I’m finally restarting my journaling. Well, it’s a modern day journal. It’s been since junior high school when I maintained a journal. I think one reason I did not keep it up was because I’ve been looking for focus. I think I’ve found that focus, at least for now. It’s photography.

Maybe what this journal will help me accomplish is some focus in photography. Maybe it’s not so much focus in the way that it will keep me narrowly focused, like using a telephoto to zoom in on an object. But rather to explore how I can develop more of a soul in the photography I’m doing, which may mean photographing more than just sports.

To be sure, one of the drivers of shooting sports is to find and reveal the inner soul of people. That is, when people are involved with sport, they are pretty exposed. They’re too consumed with what they are doing, how they are performing, what they are focused on achieving to hold pretenses. They are stripped of self-consciousness.  In other words, they hardly even acknowledge that I’m there taking their picture. It seems to provide an easy access to that soul.

My focus on high school sports is perhaps one of my greatest joys because in addition to the revealing realness of shooting sport, is the innocence of youth. They’re kids. Many of their bodies and physical talents are reaching a high level, but they are far from perfection. Clumsiness of imperfection is also very real and part of the beauty.

But in shooting sport, perhaps the most fulfilling sight I appreciate is that of the underprivileged, the kids in the toughest neighborhoods, the kids too many people outside of their own parents see as throw away kids. There are too many of them. Kids who have the same desire, focus, determination, dedication, and spirit as anyone. But these kids often go unseen. They don’t have parents hovering them with cameras and video cameras. They don’t work out in nice well-equipped athletic facilities. They aren’t surrounded by cable companies taping their performances, like those I’ve the broadcasting of games I’ve witnessed in surrounding suburban communities. They don’t get seen.

I guess that’s where photography comes in. It helps to show what may not be otherwise seen.

Part of what I’ve been trying to do, to push myself, is to photograph what is out there in a way that does provide a view of what’s out there. I’ve started it with this “Textures of Minneapolis” project.

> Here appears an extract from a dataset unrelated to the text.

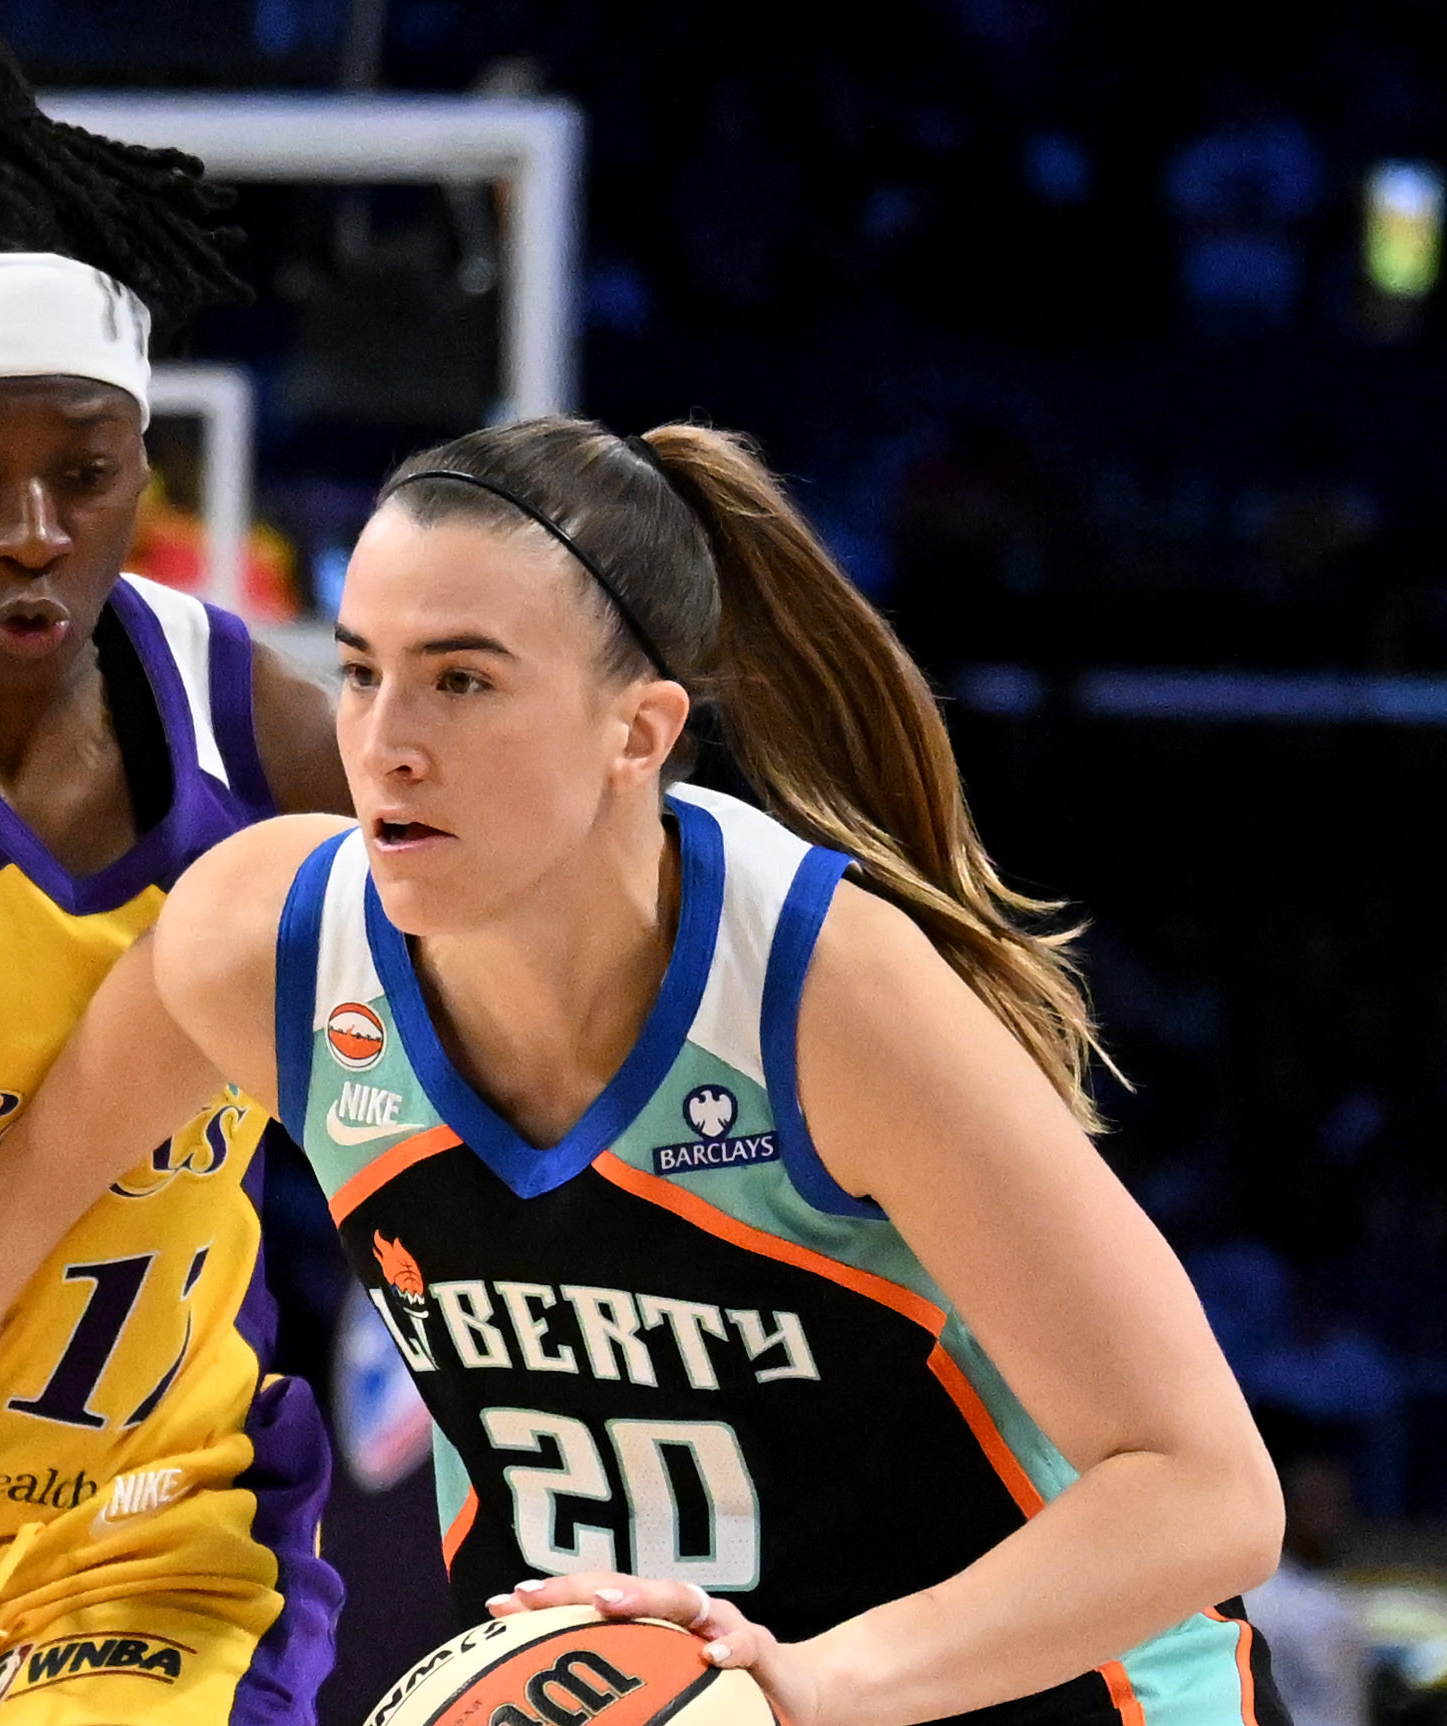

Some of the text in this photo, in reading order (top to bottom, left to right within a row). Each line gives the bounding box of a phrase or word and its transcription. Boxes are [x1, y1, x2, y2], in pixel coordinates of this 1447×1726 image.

Thanks to Jack Mader’s Photo I assignment at MCTC, I am shooting to fulfill a need to show “urban details.” Jack’s good enough about this subject to keep it broad enough for each of us to interpret in our own way. I’ve taken this project on, as I often do, in perhaps too big of a way in that I’m looking for urban details in each of our neighborhoods. There are some 85 neighborhoods in Minneapolis, so I realize that I may be biting off more than I can chew. But I like having a context for things, so I may not get to all 85 at once. But it will keep me exploring and pushing myself to discover urban details not just in my comfortable space, but also in places in which I am not so familiar.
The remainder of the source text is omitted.